● YOUR OBJECTIVE:
Where the records below have a line with "phrase", that line is to be copied.

● AVAILABLE DATA:
- - - - - - -
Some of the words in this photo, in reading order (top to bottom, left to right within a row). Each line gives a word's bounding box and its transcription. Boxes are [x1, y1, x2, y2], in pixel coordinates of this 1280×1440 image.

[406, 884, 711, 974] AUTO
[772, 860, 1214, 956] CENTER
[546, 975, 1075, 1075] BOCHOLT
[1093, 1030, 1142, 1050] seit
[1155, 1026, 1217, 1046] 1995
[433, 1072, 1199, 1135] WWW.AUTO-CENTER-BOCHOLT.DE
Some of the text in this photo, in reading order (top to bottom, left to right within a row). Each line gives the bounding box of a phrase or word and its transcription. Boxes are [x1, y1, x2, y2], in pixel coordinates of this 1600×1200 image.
- - - - - - -
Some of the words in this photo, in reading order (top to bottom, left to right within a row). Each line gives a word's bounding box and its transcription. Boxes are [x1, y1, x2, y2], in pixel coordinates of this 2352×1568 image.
- - - - - - -
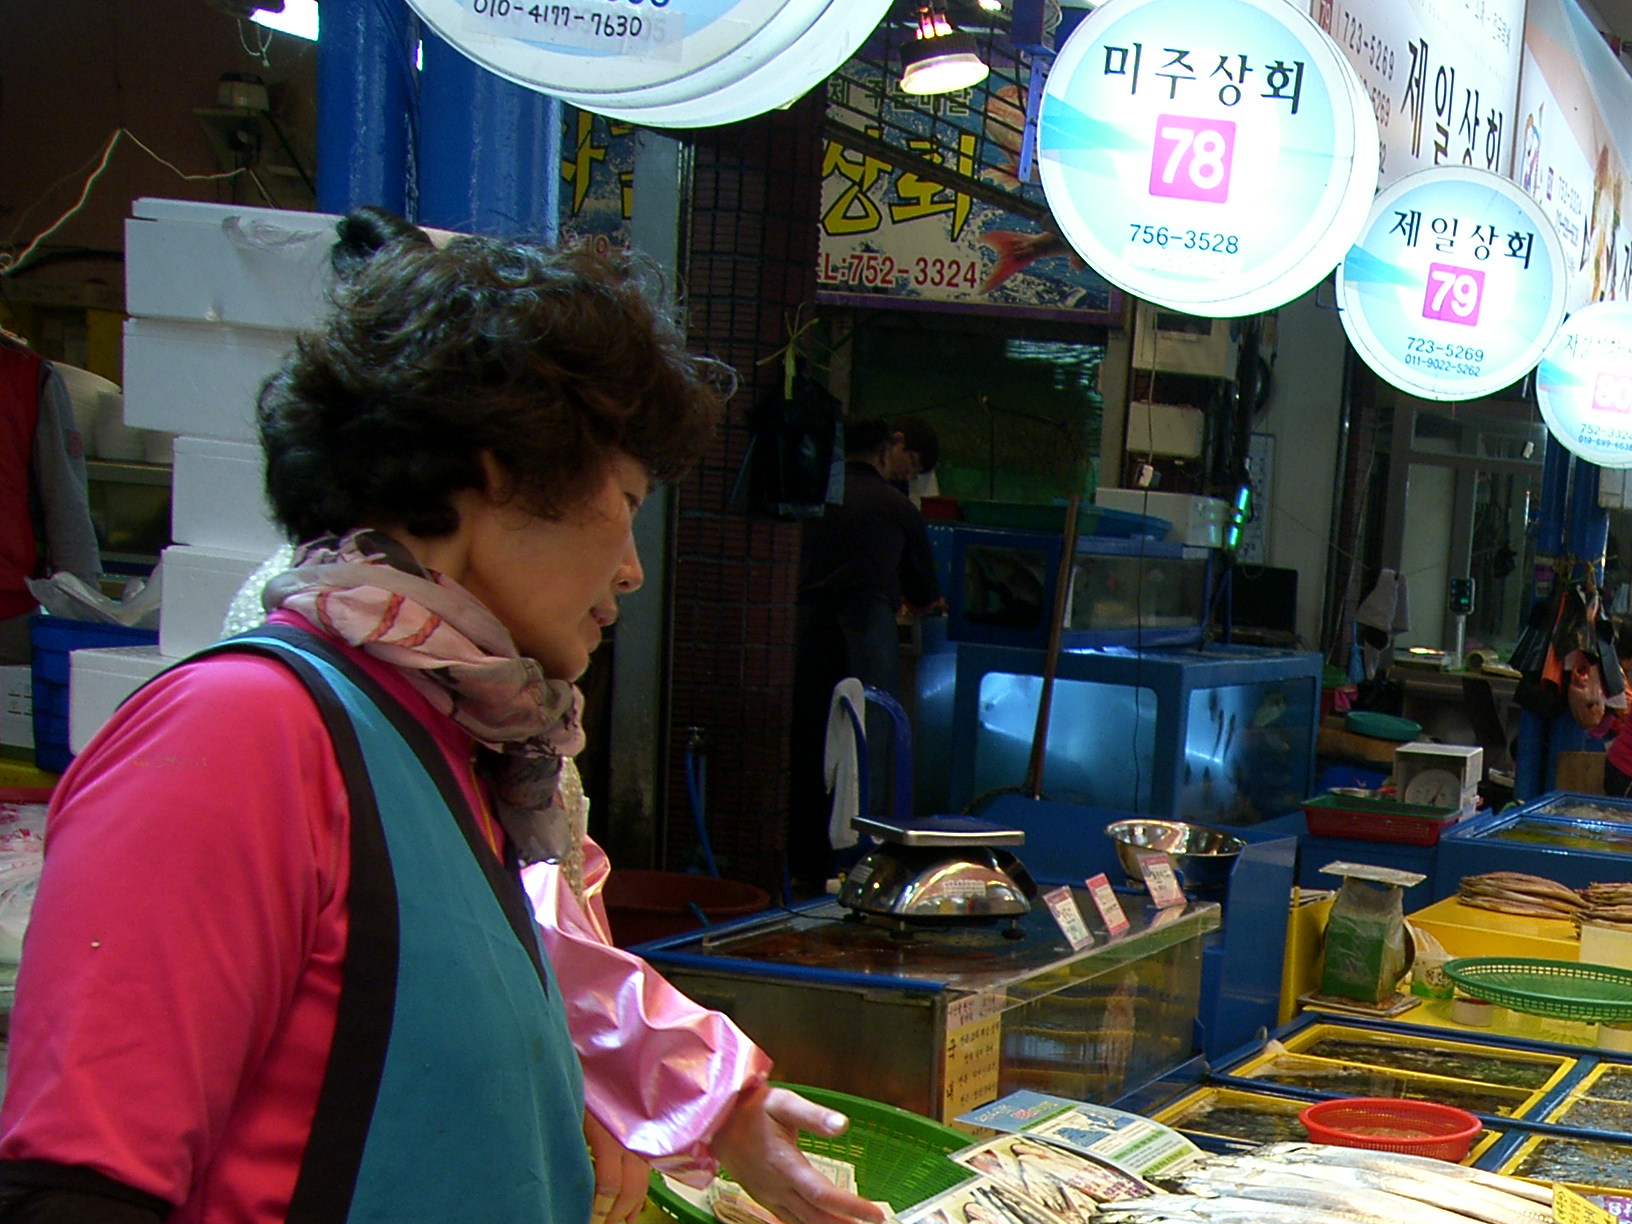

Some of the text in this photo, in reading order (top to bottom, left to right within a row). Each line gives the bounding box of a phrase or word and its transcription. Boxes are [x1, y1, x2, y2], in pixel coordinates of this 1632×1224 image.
- - - - - - -
● RESULT OF THE EXERCISE:
Some of the text in this photo, in reading order (top to bottom, left to right within a row). Each line gives the bounding box of a phrase or word and its transcription. Boxes are [x1, y1, x2, y2], in pixel coordinates of this 1600×1200 image.
Some of the text in this photo, in reading order (top to bottom, left to right within a row). Each line gives the bounding box of a phrase or word and its transcription. Boxes are [x1, y1, x2, y2], in pixel coordinates of this 1632×1224 image.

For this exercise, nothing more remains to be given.